▶ TASK OBJECTIVE:
Except for the pictures, retype the records that follow exactly.

START INPUT DATA

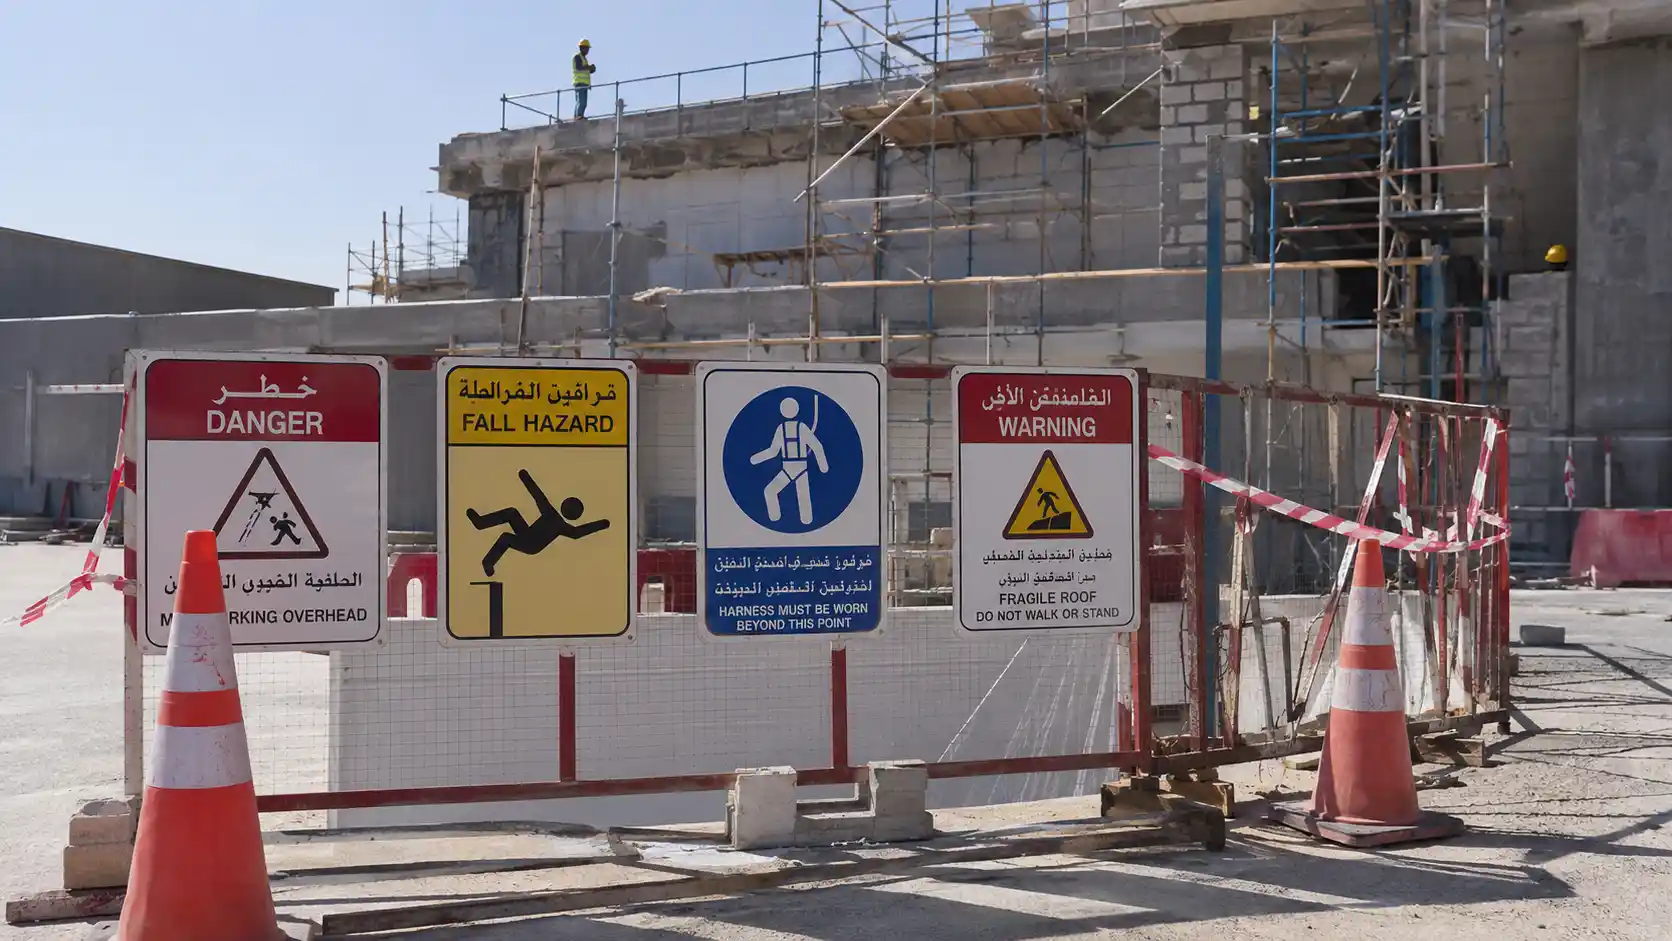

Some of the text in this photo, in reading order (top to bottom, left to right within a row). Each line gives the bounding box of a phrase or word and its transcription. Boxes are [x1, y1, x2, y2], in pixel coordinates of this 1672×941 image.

[211, 373, 318, 406] خطر
[206, 409, 323, 435] DANGER
[462, 413, 614, 433] FALL HAZARD
[998, 416, 1096, 437] WARNING
[999, 591, 1097, 606] FRAGILE ROOF
[229, 608, 367, 625] RKING OVERHEAD
[719, 602, 868, 617] HARNESS MUST BE WORN
[976, 608, 1120, 622] DO NOT WALK OR STAND
[736, 617, 852, 632] BEYOND THIS POINT

END INPUT DATA

▶ COMPLETED EXERCISE:
Some of the text in this photo, in reading order (top to bottom, left to right within a row). Each line gives the bounding box of a phrase or word and its transcription. Boxes are [x1, y1, x2, y2], in pixel coordinates of this 1672×941 image.

[211, 373, 318, 406] خطر
[206, 409, 323, 435] DANGER
[462, 413, 614, 433] FALL HAZARD
[998, 416, 1096, 437] WARNING
[999, 591, 1097, 606] FRAGILE ROOF
[229, 608, 367, 625] RKING OVERHEAD
[719, 602, 868, 617] HARNESS MUST BE WORN
[976, 608, 1120, 622] DO NOT WALK OR STAND
[736, 617, 852, 632] BEYOND THIS POINT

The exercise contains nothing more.